Task details:
Could you restate the data below word for word, without its pictures?

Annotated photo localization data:
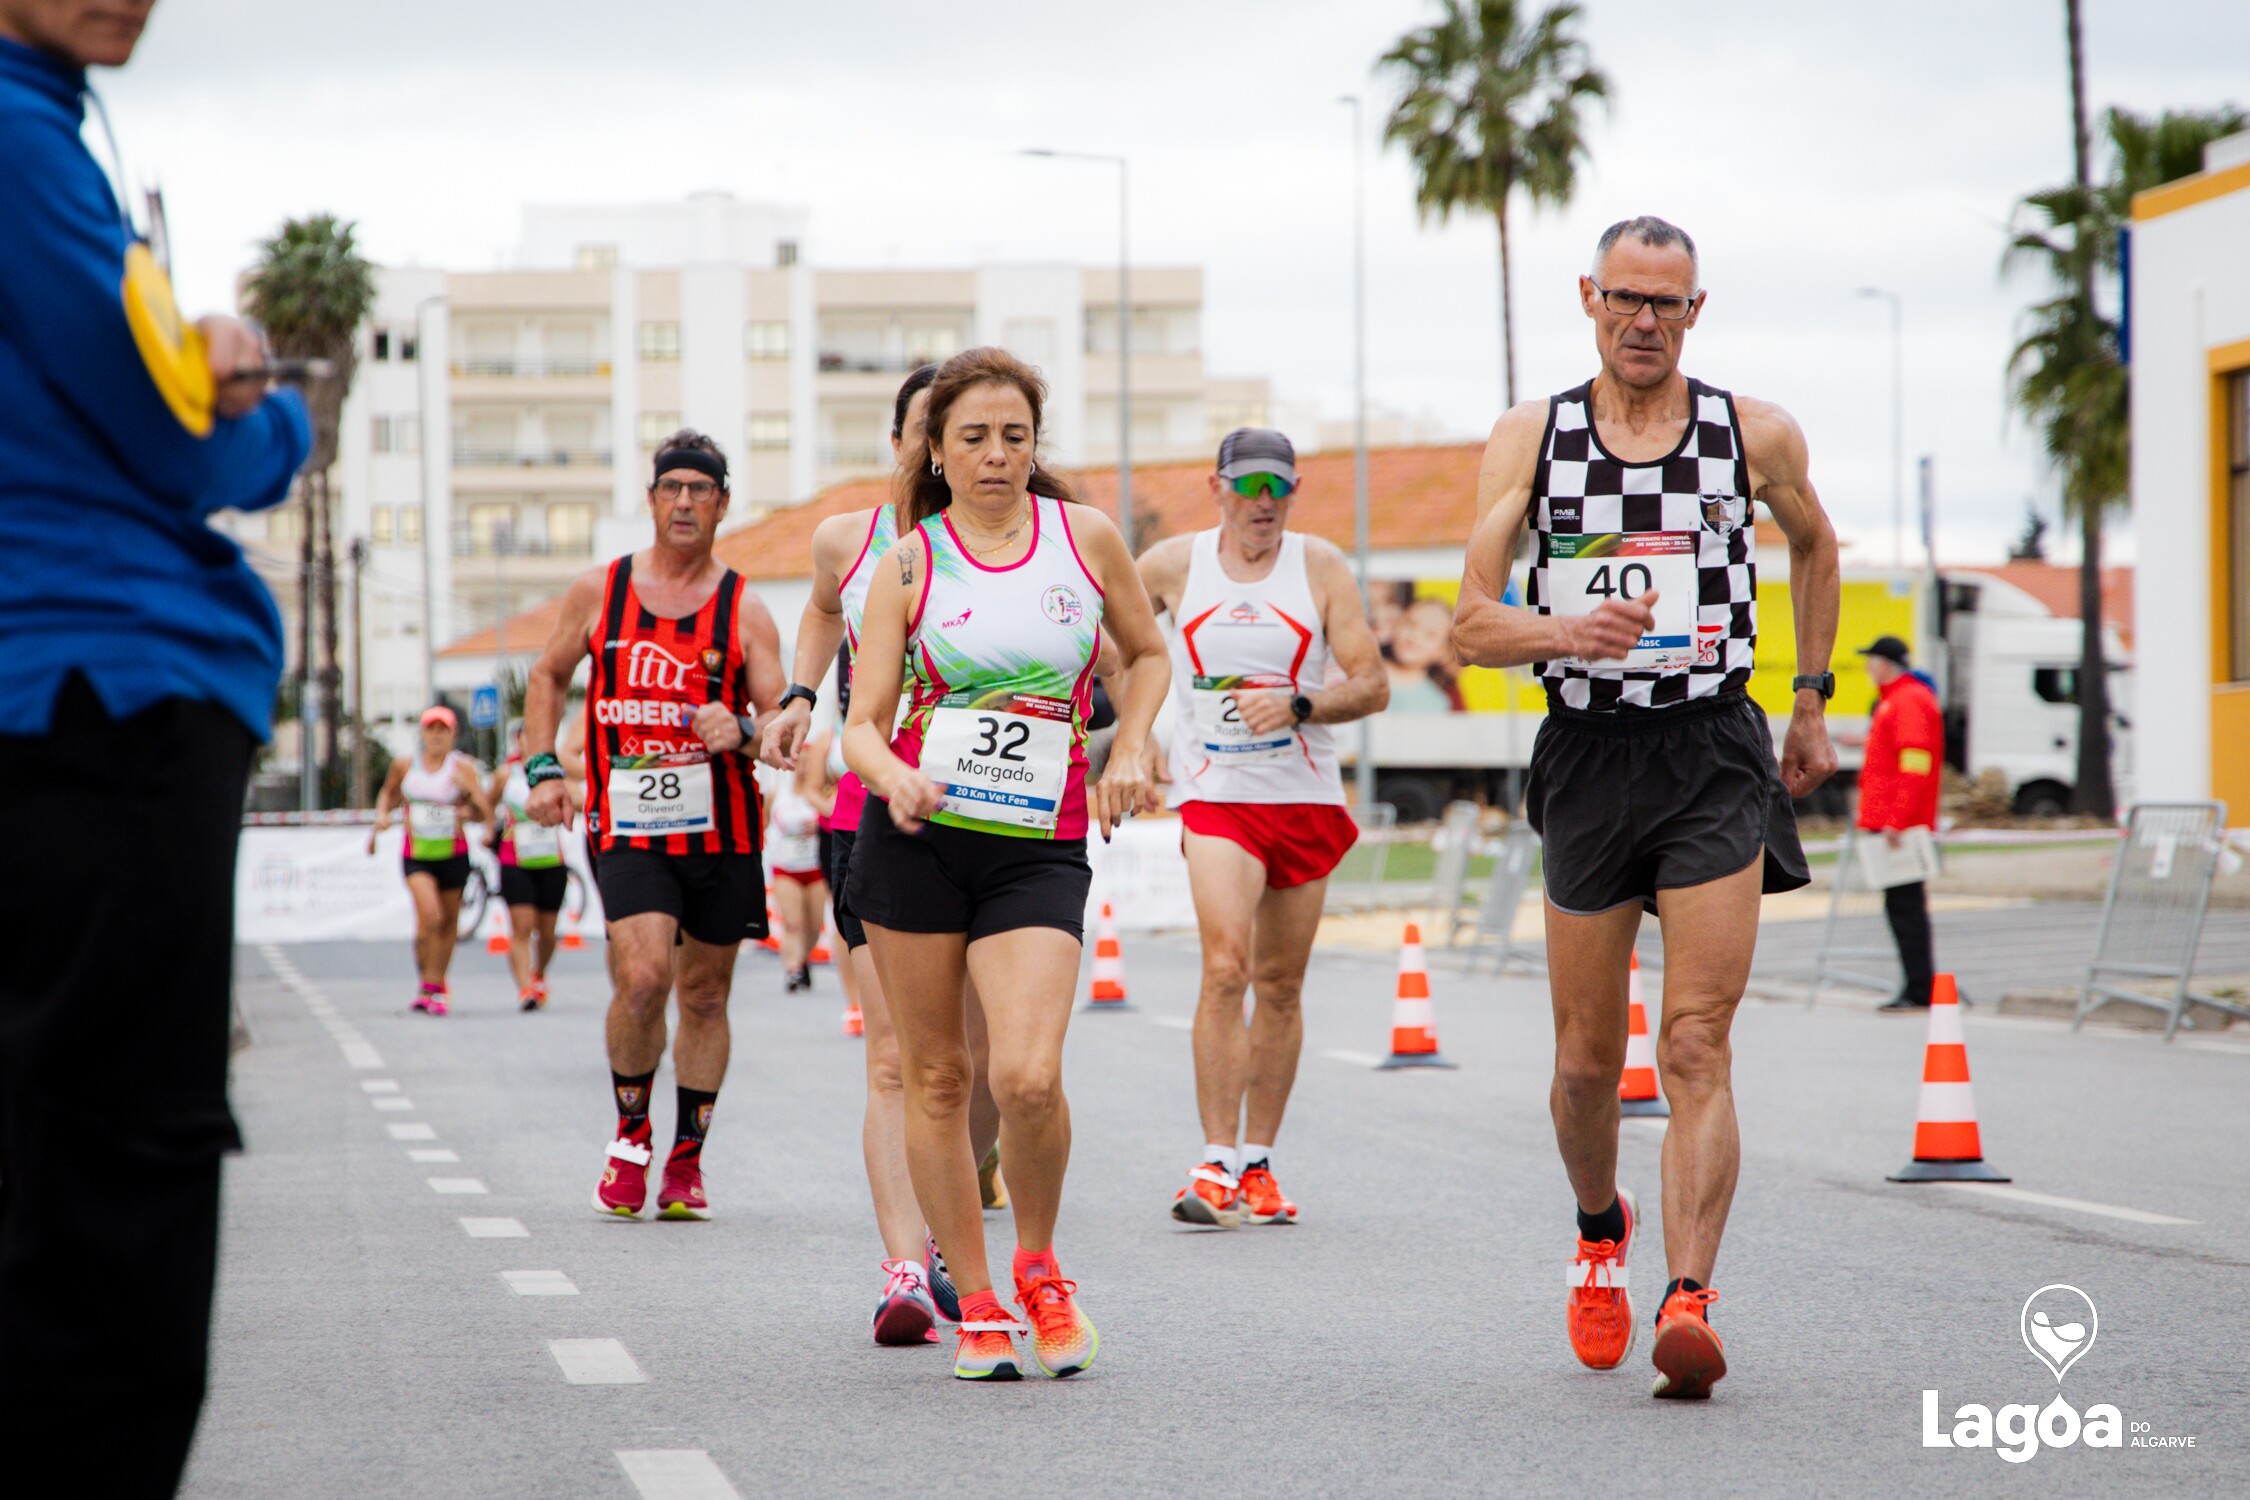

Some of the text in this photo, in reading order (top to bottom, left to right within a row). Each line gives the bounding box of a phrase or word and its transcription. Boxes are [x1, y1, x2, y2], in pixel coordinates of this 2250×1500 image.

[1585, 562, 1653, 601] 40
[971, 716, 1031, 762] 32
[956, 757, 1034, 783] Morgado
[638, 772, 681, 801] 28
[955, 786, 1029, 807] 20 Km Vet Fem
[638, 802, 685, 815] Oliveira

Response to this exercise:
Some of the text in this photo, in reading order (top to bottom, left to right within a row). Each line gives the bounding box of a phrase or word and its transcription. Boxes are [x1, y1, x2, y2], in pixel coordinates of this 2250×1500 image.

[1585, 562, 1653, 601] 40
[971, 716, 1031, 762] 32
[956, 757, 1034, 783] Morgado
[638, 772, 681, 801] 28
[955, 786, 1029, 807] 20 Km Vet Fem
[638, 802, 685, 815] Oliveira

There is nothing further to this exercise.